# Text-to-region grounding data
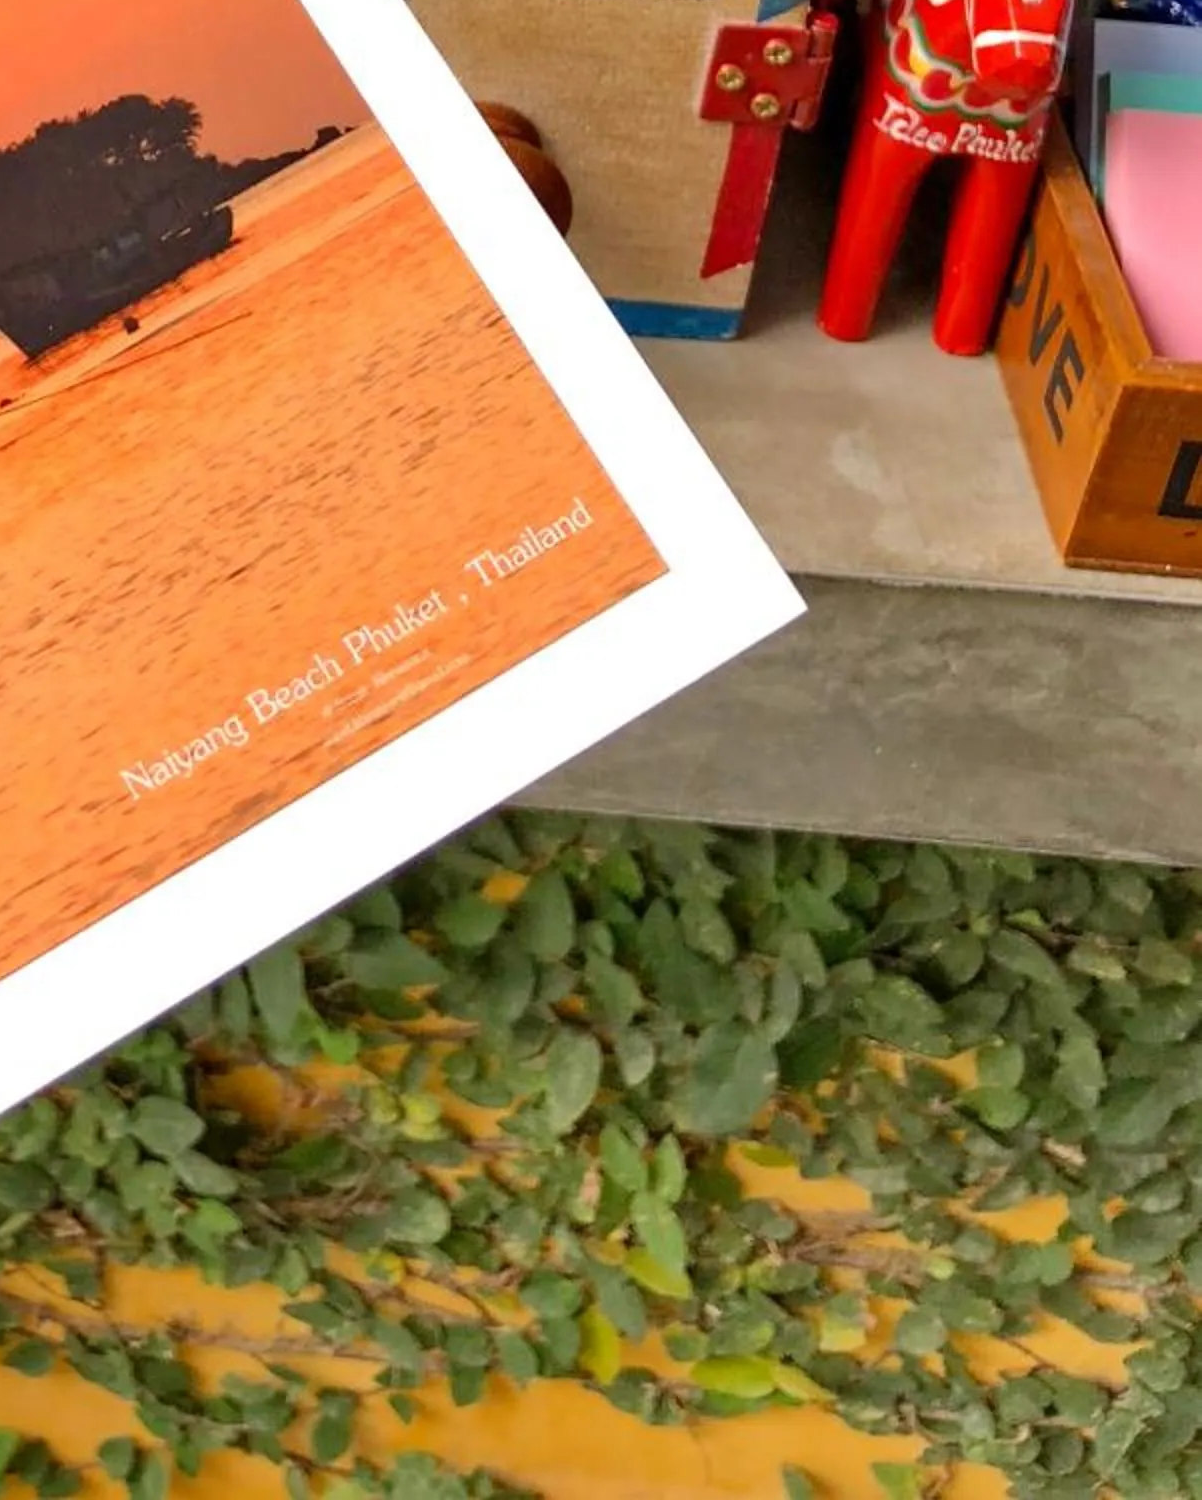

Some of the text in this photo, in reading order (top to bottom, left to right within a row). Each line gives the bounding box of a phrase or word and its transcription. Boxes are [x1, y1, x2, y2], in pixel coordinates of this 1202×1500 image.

[119, 713, 250, 801] Naiyang
[245, 651, 345, 727] Beach
[341, 587, 449, 665] Phuket
[463, 496, 595, 589] Thailand
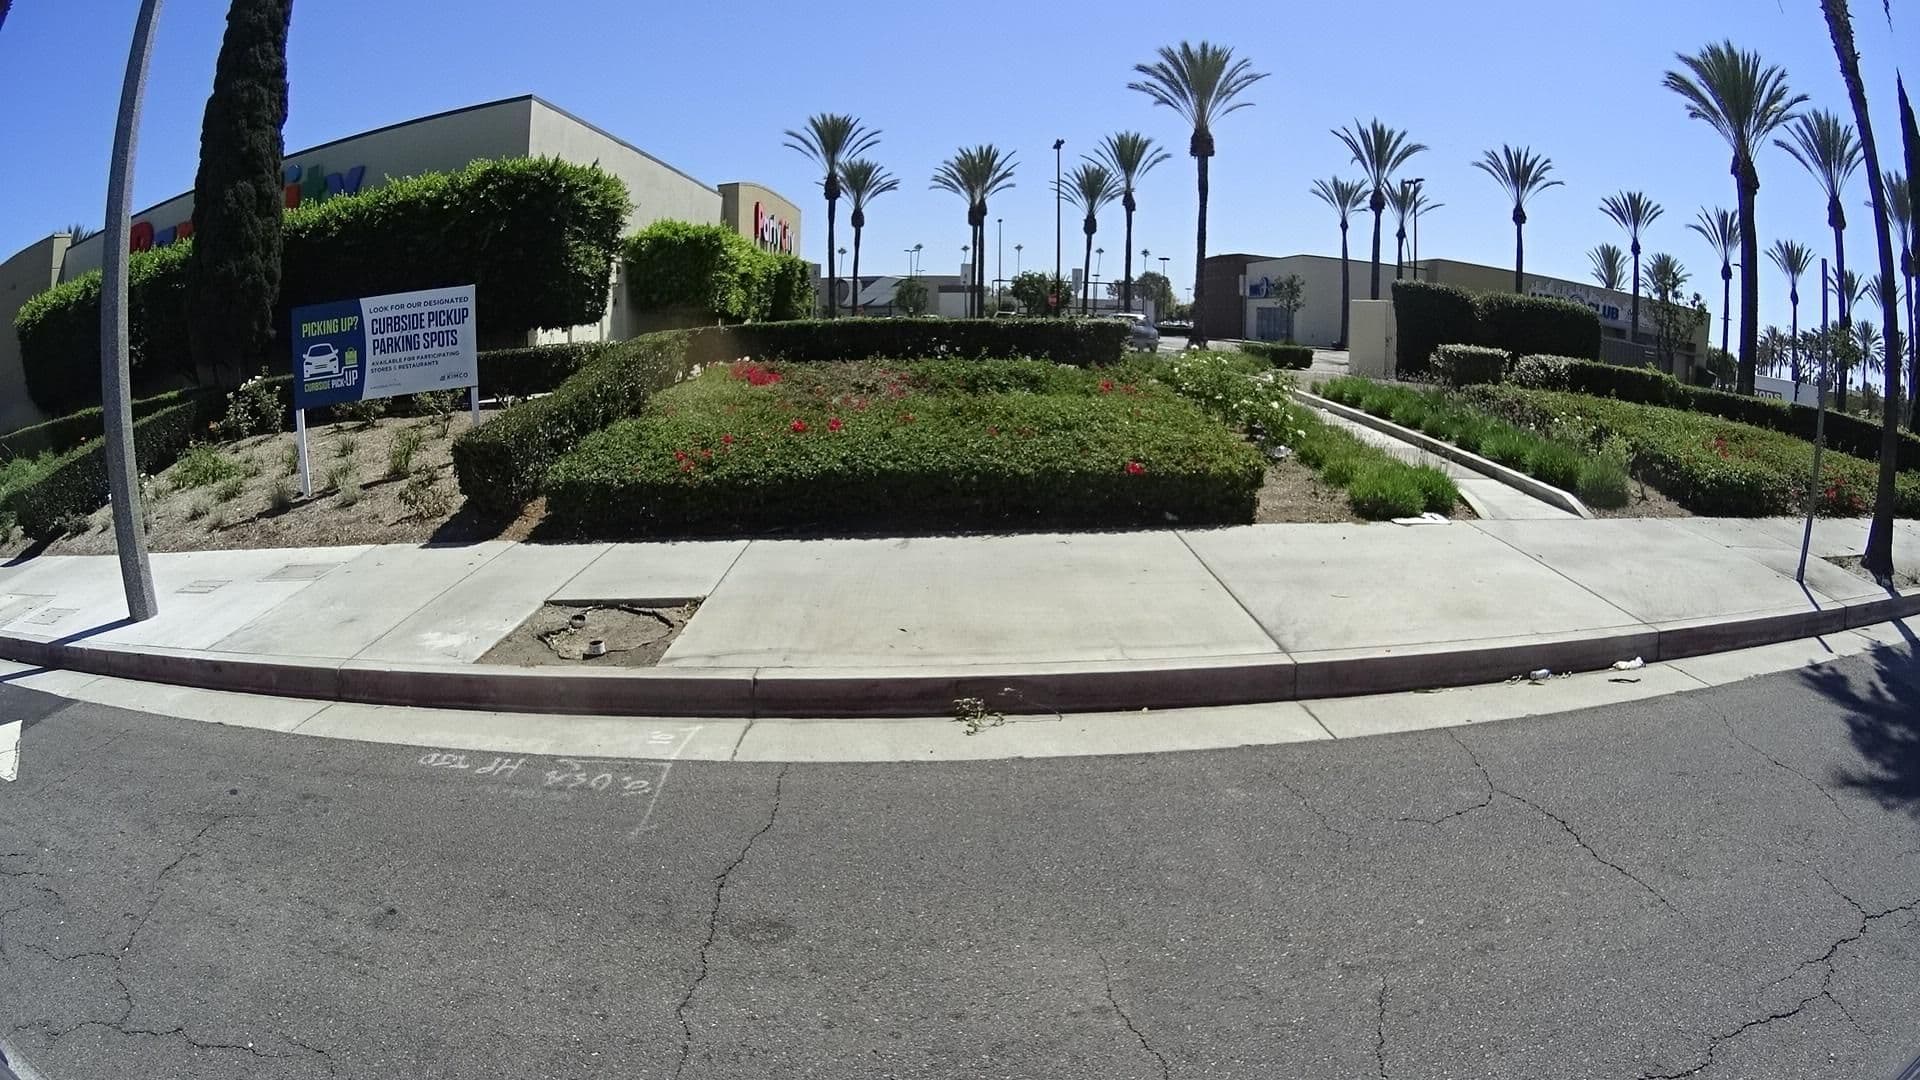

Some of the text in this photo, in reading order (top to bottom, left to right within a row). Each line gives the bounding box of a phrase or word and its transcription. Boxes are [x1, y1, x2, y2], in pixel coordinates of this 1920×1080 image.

[131, 222, 196, 251] Par
[754, 202, 780, 250] Party
[369, 296, 469, 314] LOOK FOR OUR DESIGNATED
[302, 315, 359, 338] PICKING UP?
[371, 307, 469, 335] CURBSIDE PICKUP
[372, 329, 458, 356] PARKING SPOTS
[371, 350, 460, 366] AVAILABLE FOR PARTICIPATING
[371, 365, 392, 374] STORES
[398, 360, 438, 370] RESTAURANTS
[446, 372, 469, 380] KIMCO
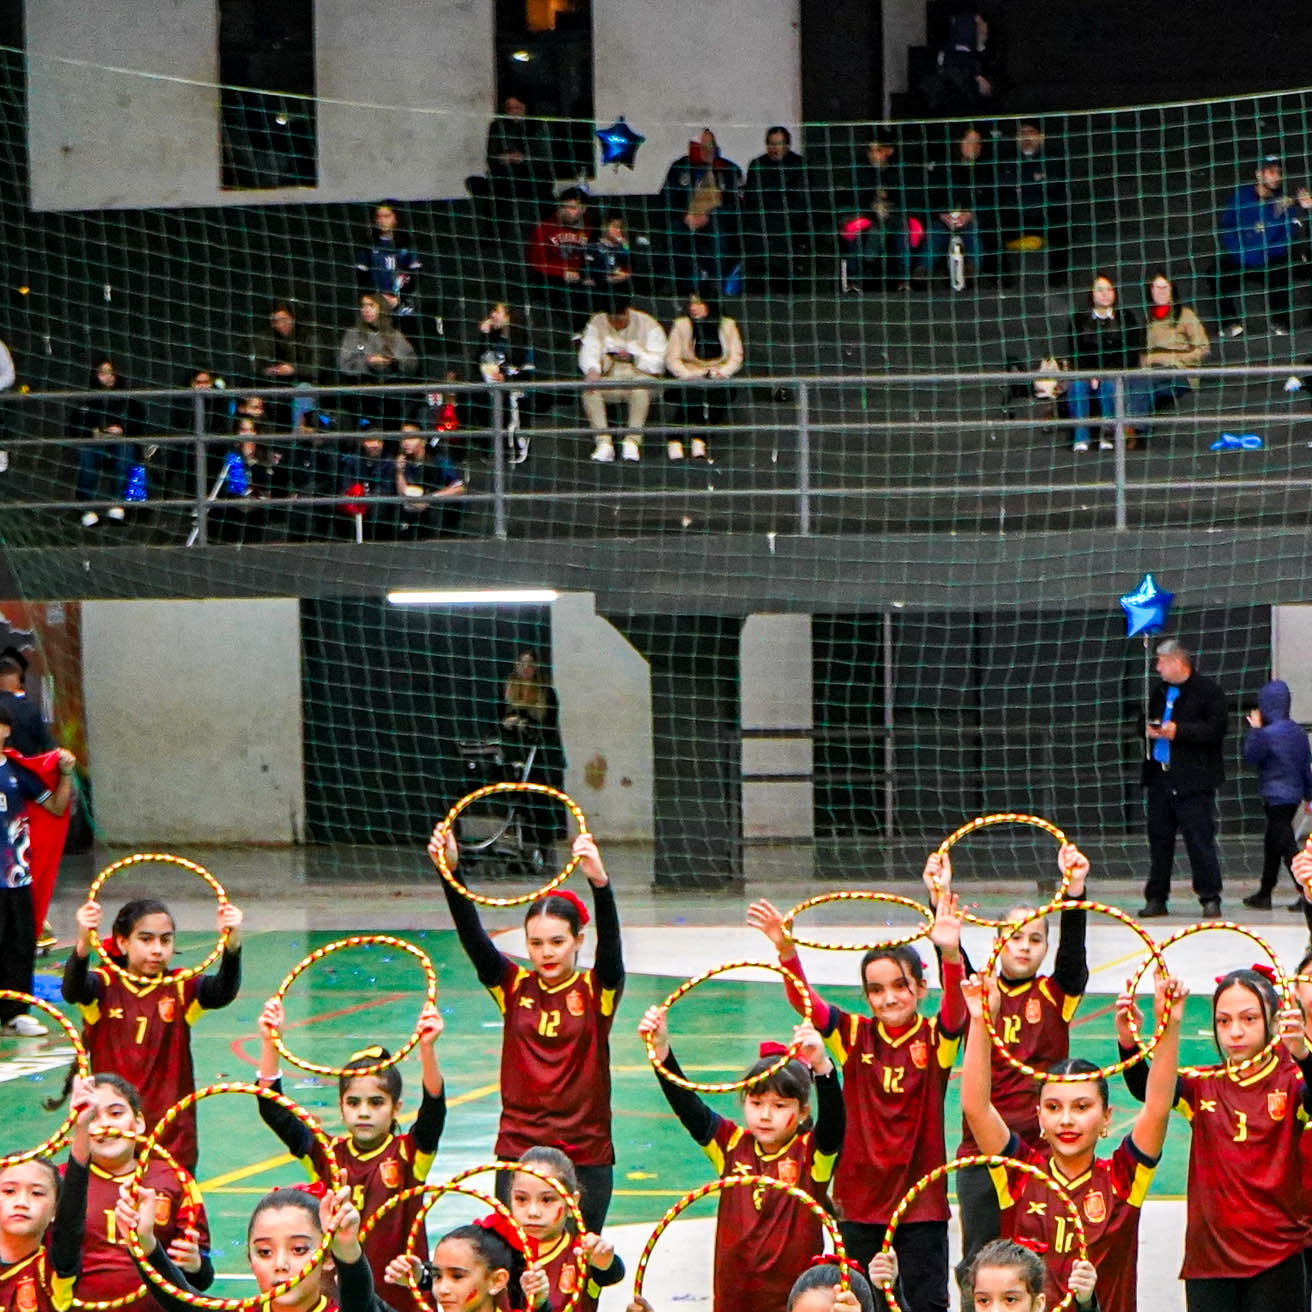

# Problem details
Reproduce verbatim, and only, the lines starting at the one that contains "this 1920×1080 image." and ending with the final line of the records; leave out the pictures.

# Answer to the exercise
Some of the text in this photo, in reading order (top to bottom, left to right within a row). Each line gives the bounding box of a phrase or word and its transcription. Boxes are [x1, y1, x2, y2], in pixel coordinates of this 1920×1080 image.

[131, 222, 196, 251] Par
[754, 202, 780, 250] Party
[369, 296, 469, 314] LOOK FOR OUR DESIGNATED
[302, 315, 359, 338] PICKING UP?
[371, 307, 469, 335] CURBSIDE PICKUP
[372, 329, 458, 356] PARKING SPOTS
[371, 350, 460, 366] AVAILABLE FOR PARTICIPATING
[371, 365, 392, 374] STORES
[398, 360, 438, 370] RESTAURANTS
[446, 372, 469, 380] KIMCO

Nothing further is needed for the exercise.